## PROBLEM DESCRIPTION
As you work through the listing below, copy each line exactly and drop the images.

## PROVIDED INFORMATION
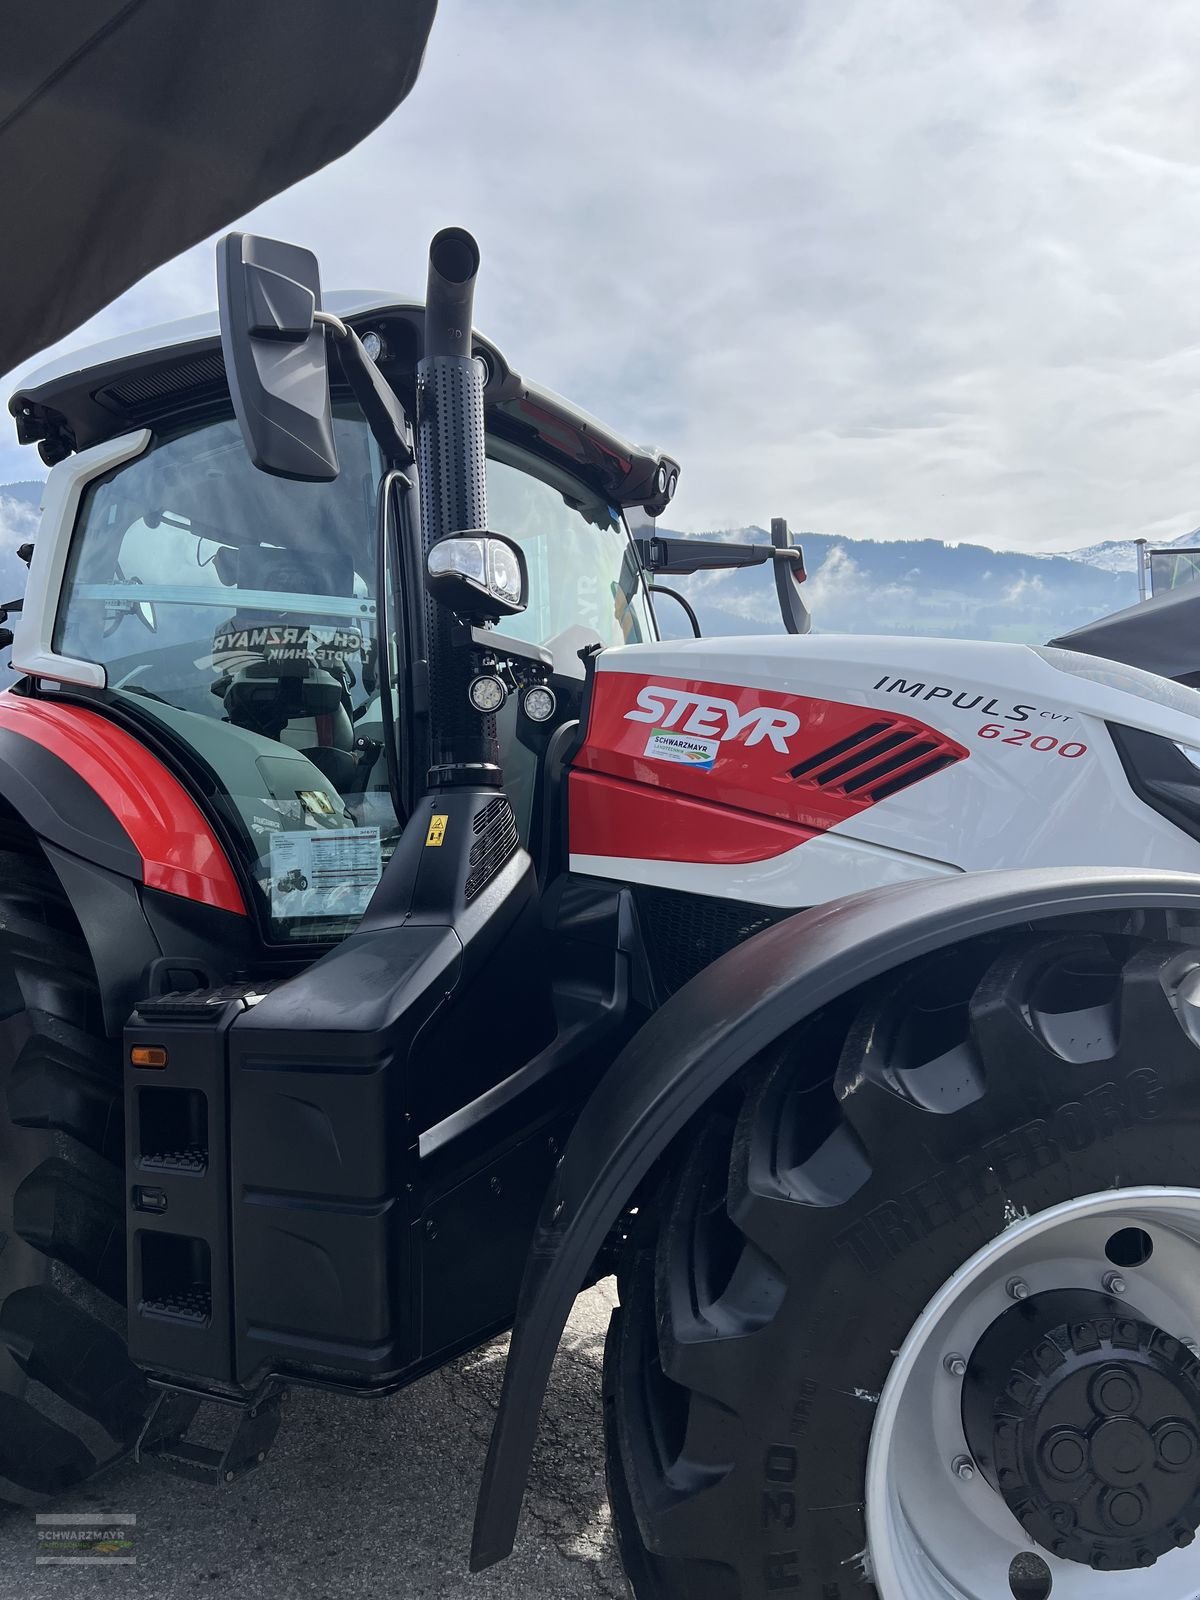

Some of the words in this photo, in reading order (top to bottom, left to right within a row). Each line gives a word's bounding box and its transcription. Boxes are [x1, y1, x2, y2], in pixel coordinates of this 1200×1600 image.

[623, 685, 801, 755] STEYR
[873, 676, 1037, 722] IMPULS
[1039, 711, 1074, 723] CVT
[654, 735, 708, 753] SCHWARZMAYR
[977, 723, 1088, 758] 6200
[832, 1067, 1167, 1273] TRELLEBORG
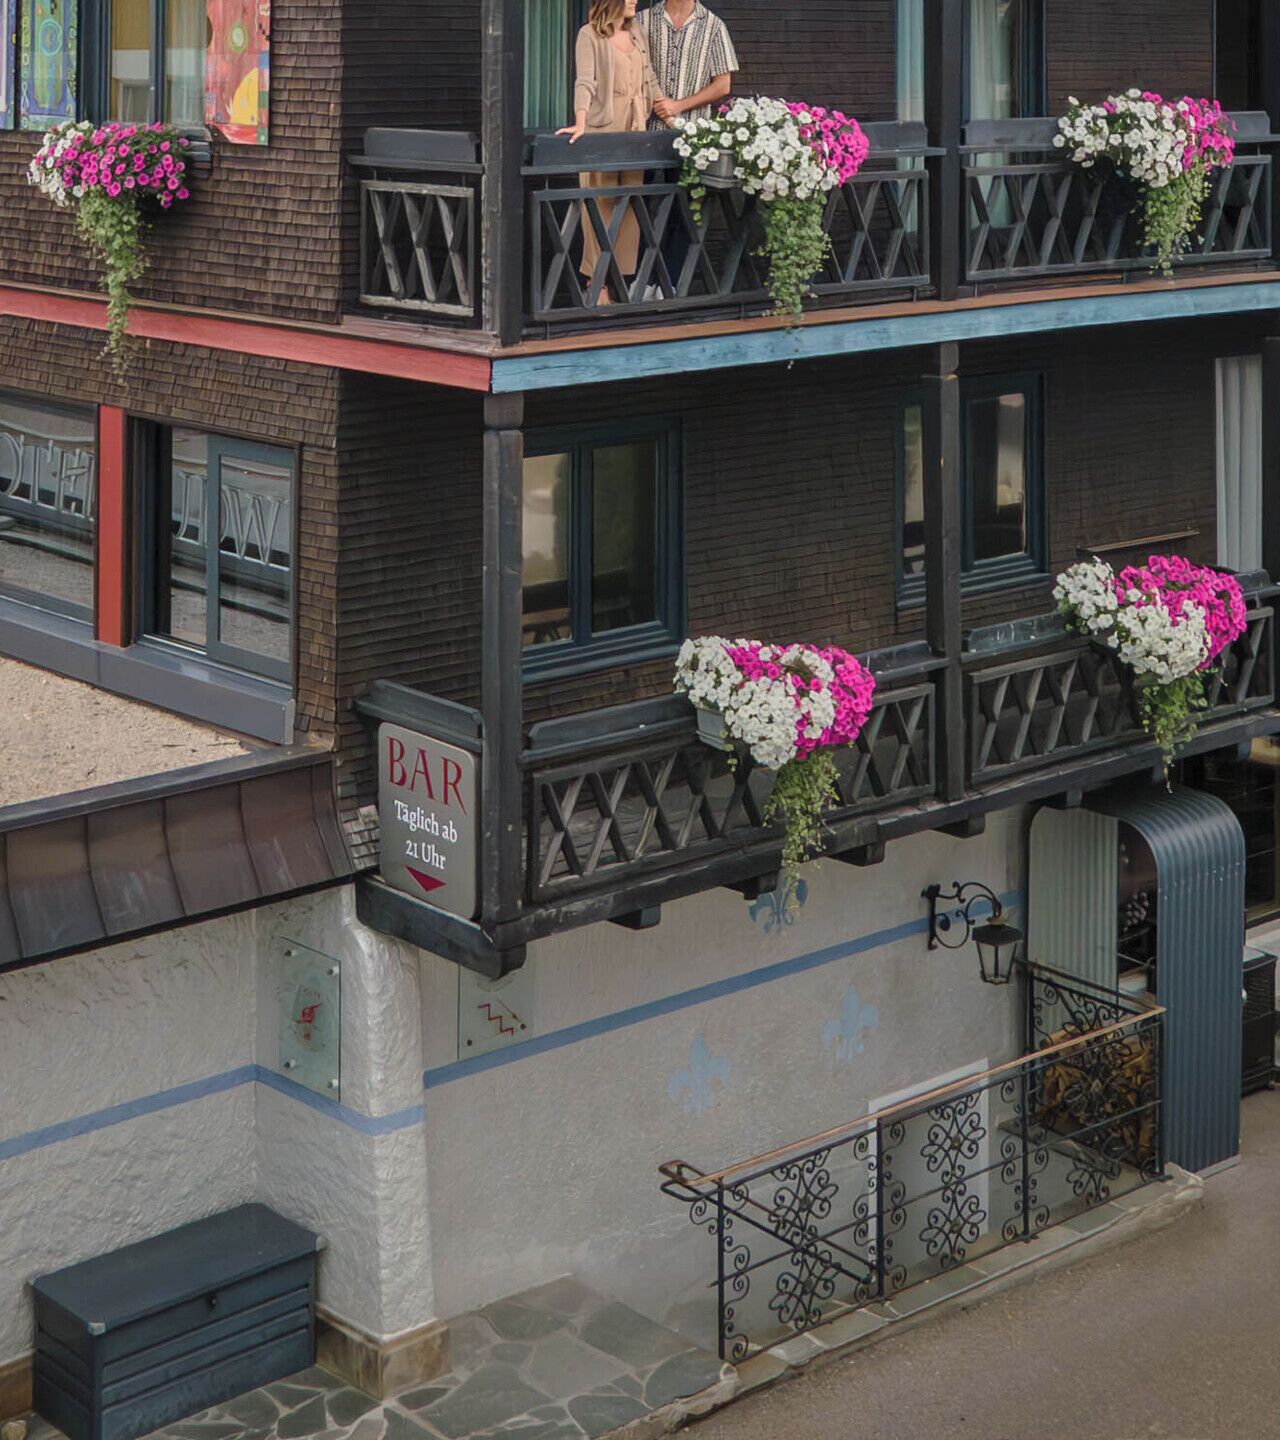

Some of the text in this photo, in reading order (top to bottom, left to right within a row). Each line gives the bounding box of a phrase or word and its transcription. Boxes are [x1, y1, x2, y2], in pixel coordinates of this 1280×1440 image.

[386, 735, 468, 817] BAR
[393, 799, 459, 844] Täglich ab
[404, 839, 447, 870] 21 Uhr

## EXERCISE SOLUTION
Some of the words in this photo, in reading order (top to bottom, left to right within a row). Each line gives a word's bounding box and its transcription. Boxes are [x1, y1, x2, y2], in pixel coordinates of this 1200×1600 image.

[623, 685, 801, 755] STEYR
[873, 676, 1037, 722] IMPULS
[1039, 711, 1074, 723] CVT
[654, 735, 708, 753] SCHWARZMAYR
[977, 723, 1088, 758] 6200
[832, 1067, 1167, 1273] TRELLEBORG

Some of the text in this photo, in reading order (top to bottom, left to right within a row). Each line gives the bounding box of a phrase or word and its transcription. Boxes are [x1, y1, x2, y2], in pixel coordinates of this 1280×1440 image.

[386, 735, 468, 817] BAR
[393, 799, 459, 844] Täglich ab
[404, 839, 447, 870] 21 Uhr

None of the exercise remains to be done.